/Muon-Momentum-Estimation-and-Particle-Identification

Muon momentum estimation using GNNs and other deep learning variants

Primary LanguageJupyter Notebook

Muon-Momentum-Estimation-and-Particle-Identification

Muon momentum estimation and particle type identification using GNNs and other deep learning variants

Key points

The details of problem solved can be found in file Task details. Their solutions with well explained codes can be found in jupyter notebooks.

Some key points of the solutions are -

Task-3:

(Input --> Node representation --> Graph representation --> Classify)

  • Used Pytorch geometric to code

  • Fully connected graph topology with learnable edge features in intermediate MPL layers (Reference - https://dl4physicalsciences.github.io/files/nips_dlps_2017_29.pdf )
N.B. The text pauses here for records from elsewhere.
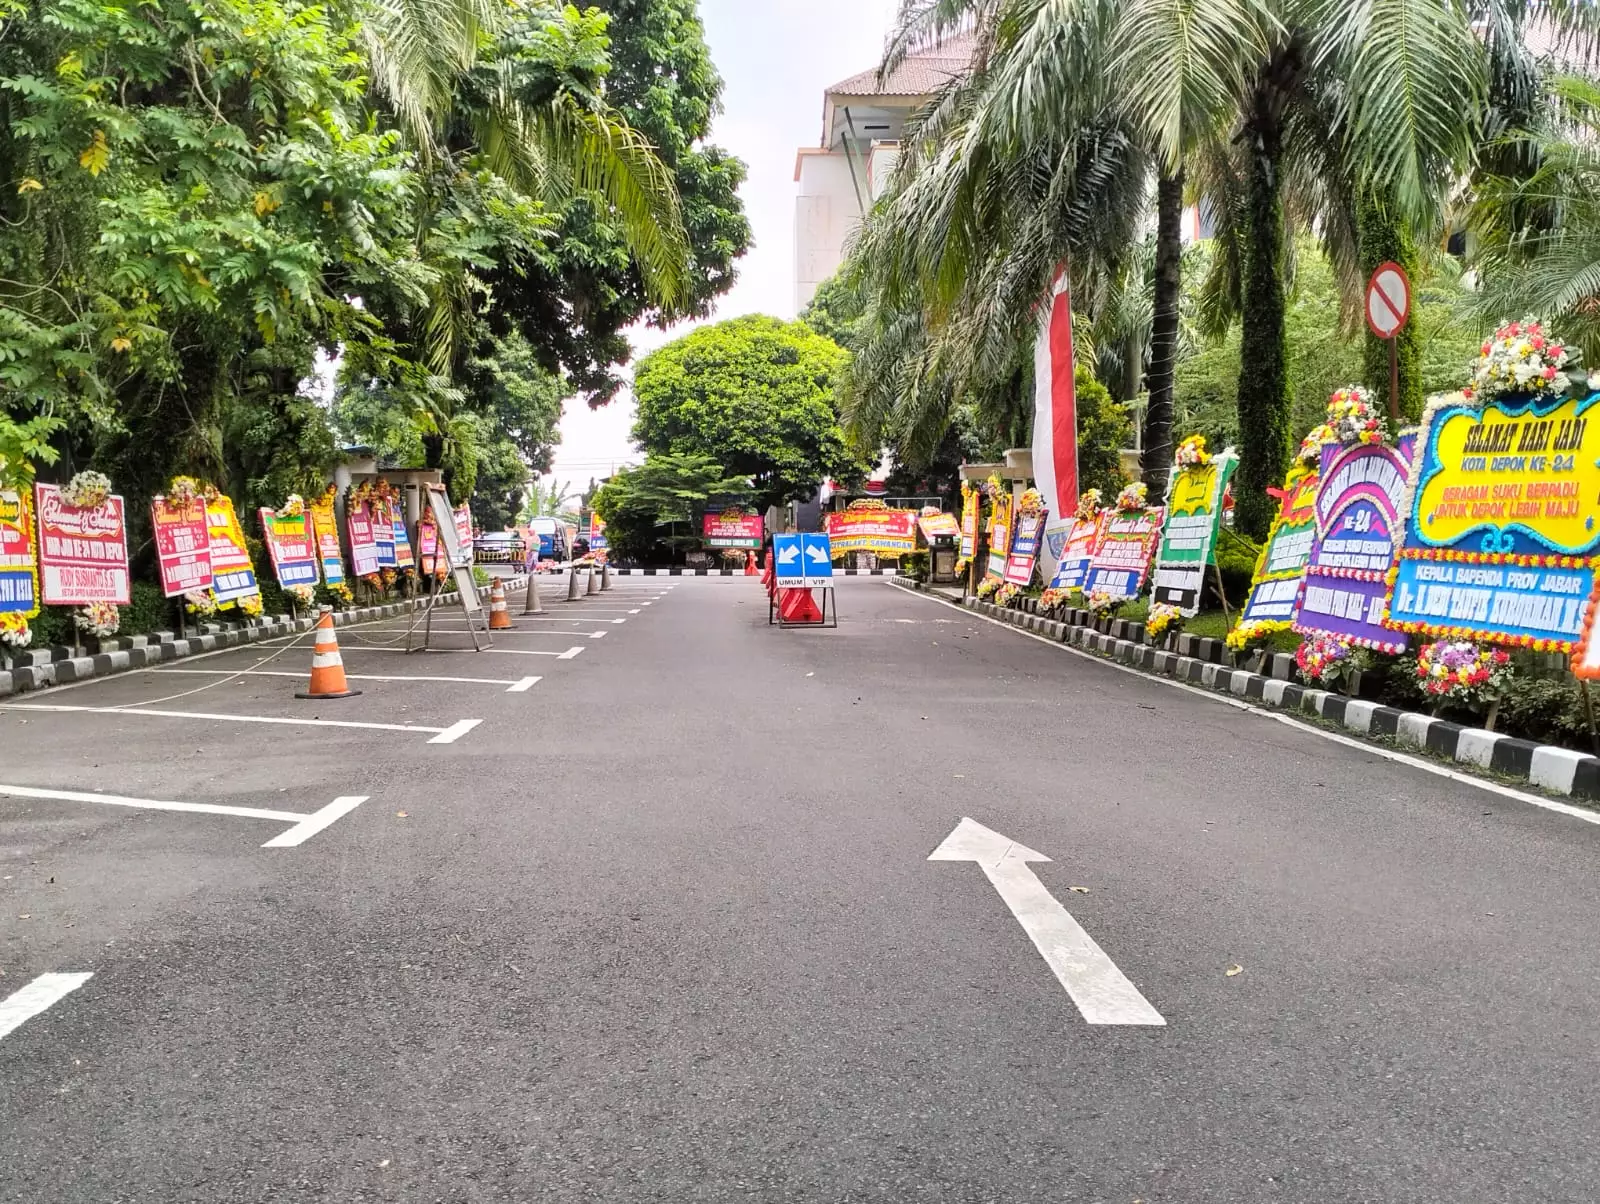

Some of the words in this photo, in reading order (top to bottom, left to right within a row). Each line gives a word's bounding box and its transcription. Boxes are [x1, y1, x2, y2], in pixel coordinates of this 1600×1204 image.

[1463, 423, 1519, 453] SELAMAT
[1517, 420, 1554, 452] HARI
[1553, 418, 1588, 451] JADI
[1461, 457, 1486, 471] KOTA
[1490, 456, 1527, 471] DEPOK
[1443, 485, 1489, 501] BERAGAM
[1492, 484, 1522, 499] SUKU
[1526, 482, 1579, 498] BERPADU
[1435, 503, 1468, 518] UNTUK
[1472, 502, 1507, 518] DEPOK
[1510, 501, 1541, 517] LEBIH
[1545, 500, 1579, 517] MAJU
[1416, 565, 1453, 583] KEPALA
[1456, 567, 1503, 587] BAPENDA
[1506, 572, 1540, 590] PROV
[1540, 574, 1582, 594] JABAR
  • Custom written MPL convolution layer and SAGE convolution are used to generate node representation

  • TopKPooling to get relevant nodes

  • Global Mean Pooling and Global Max pooling to generate graph representation

  • Skip or residual connections are added to all layers ( i.e. graph convolution layers, pooled graph representations and dense layers)
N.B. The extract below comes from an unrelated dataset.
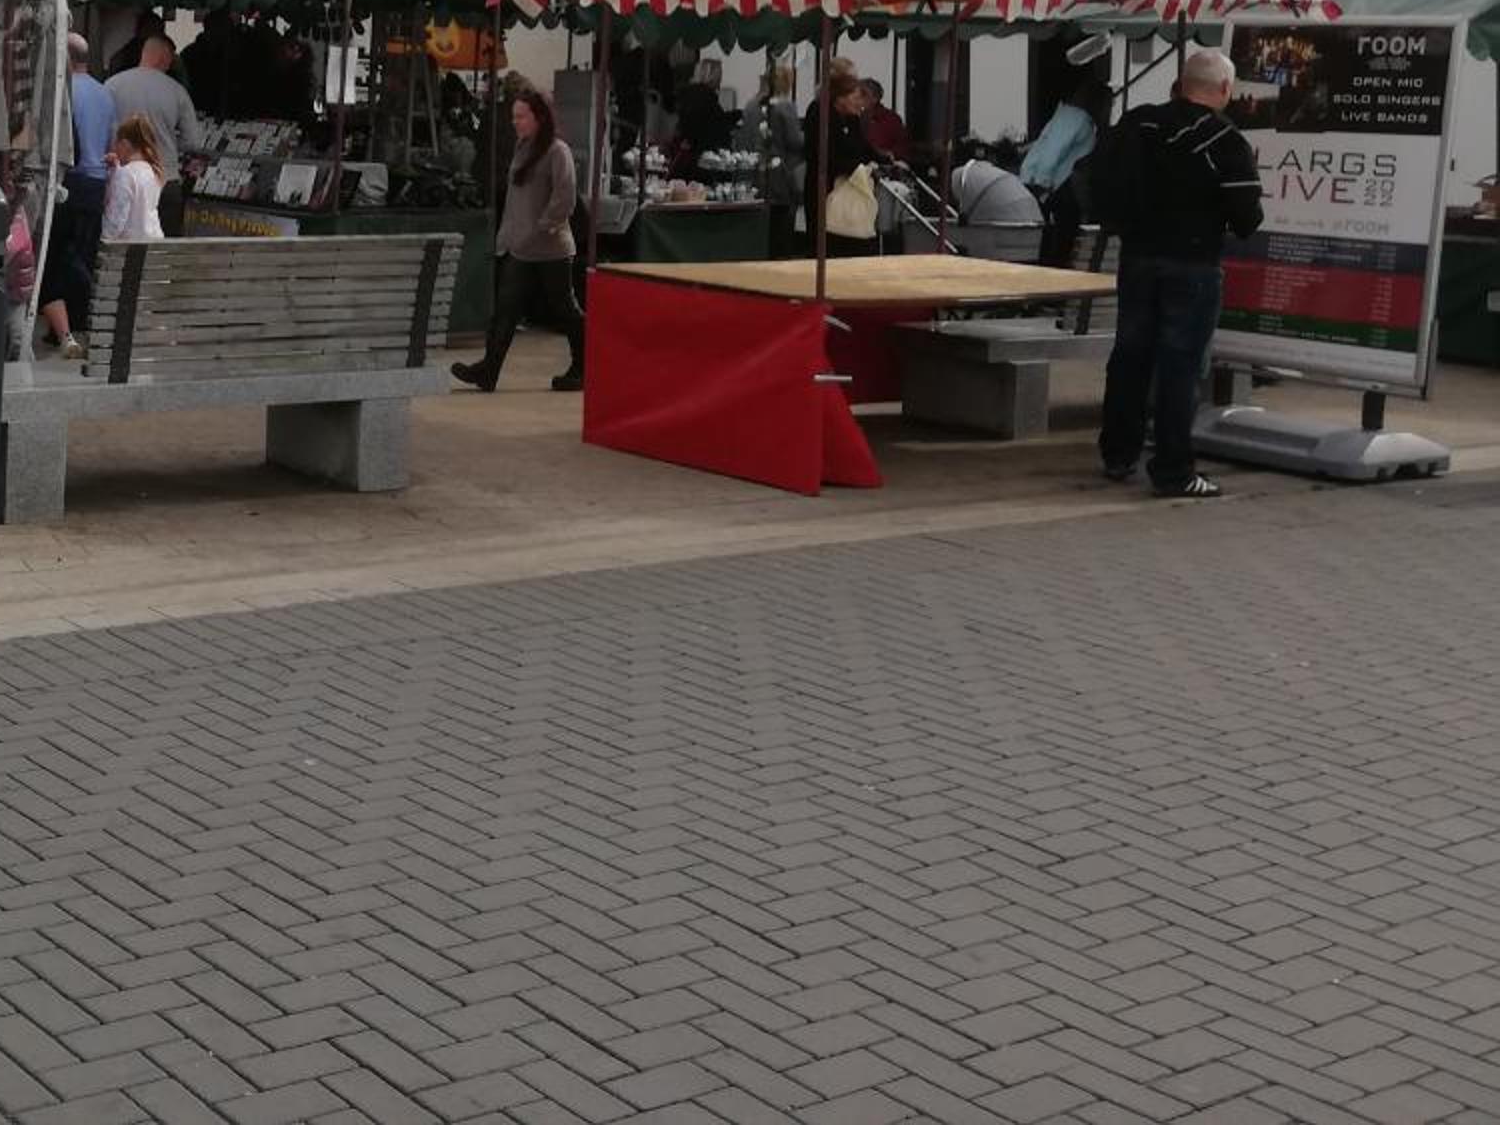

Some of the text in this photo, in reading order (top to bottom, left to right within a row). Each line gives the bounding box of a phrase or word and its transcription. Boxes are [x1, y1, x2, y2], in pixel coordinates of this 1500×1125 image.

[1353, 76, 1391, 87] OPEN
[1333, 94, 1441, 106] SOLO SINGERS
[1341, 111, 1429, 124] LIVE BANDS
[1253, 147, 1397, 178] LARGS
  • Dropout in dense layers

Task-2:

Attached image

  • Path of particles are projected in XY, YZ and XZ planes and converted into images

  • Obtained single channel images are passed to three different CNNs

  • Other features are passed through a dense NN

  • Output of three fully connected CNNs and a dense NN are concatenated and passed to a dense NN to generate output

Task-1:

  • Features are standarized

  • Features with zero variance are dropped

  • nan is replaced with zero

  • A dense NN is trained

  • Callbacks like - Save best model, early stopping, reduce lr on plateau are used durong training models of all three tasks

Note - Due to less time and limited colab hardware, task two and three are trained using a subsample of entire datasets (1500 samples in task 2 and 1 npz file in task 3), but samples are sufficient enough to show that code is working and models are training quite well.

Dataset for Task 1 and 2

The first two tasks use Monte-Carlo simulated data from the Cathode Strip Chambers (CSC) at the CMS experiment. These chambers detect muon particles in the outer layer of the CMS detector, allowing us to store information about the hit locations.

The dataset is an npz file containing 2 numpy arrays ‘variables’ and ‘parameters’.

The first array ‘variables’ contains 87 features, 84 of which serve as input variables and 3 other serving as road variables. This is due to the fact that we have 12 detector planes in the CSCs, each of which contains 7 features (12*7=84).

Column range 0-11 12-23 24-35 36-47 48-59 60-71 72-83 84 85 86
Particle hit features Phi Coordinate Theta coordinate Bending angle Time info Ring number Front/rear hit Mask Pattern straightness Zone Median theta

The second array ‘parameters’ contains 3 columns.

Column 0 1 2
Parameters q/pt Phi angle Eta angle

Note: in the dataset, a unit in phi is 1/60 = 0.01667 deg, a unit in theta is approx 0.285 deg.

Dataset for Task 3

Task 3 uses ParticleNet’s data for Quark/Gluon jet classification available here.
In particle physics, a jet is associated with a spray of particles spread across the detector, and we are interested in identifying the elementary particle that initiated the decays forming this jet.
The dataset contains 2 million jet events detected at CMS with a transverse momentum range from 500 GeV to 550 GeV and rapidity < 1.7. These jets were constructed with the anti-kt algorithm with R=0.4. The dataset contains information about the particles in each jet. It is split into 20 Npz files each of which contains 2 Numpy arrays: X of shape (100000,M,4) where 100,000 is the number of jets per file, M is the max multiplicity of the jets and 4 is the number of features per point cloud (particle). The four features are the particle’s pt, rapidity, azimuthal angle and pdgid. The second Numpy file y and contains the class label for each jet: label 0 is assigned for gluons and label 1 for quarks.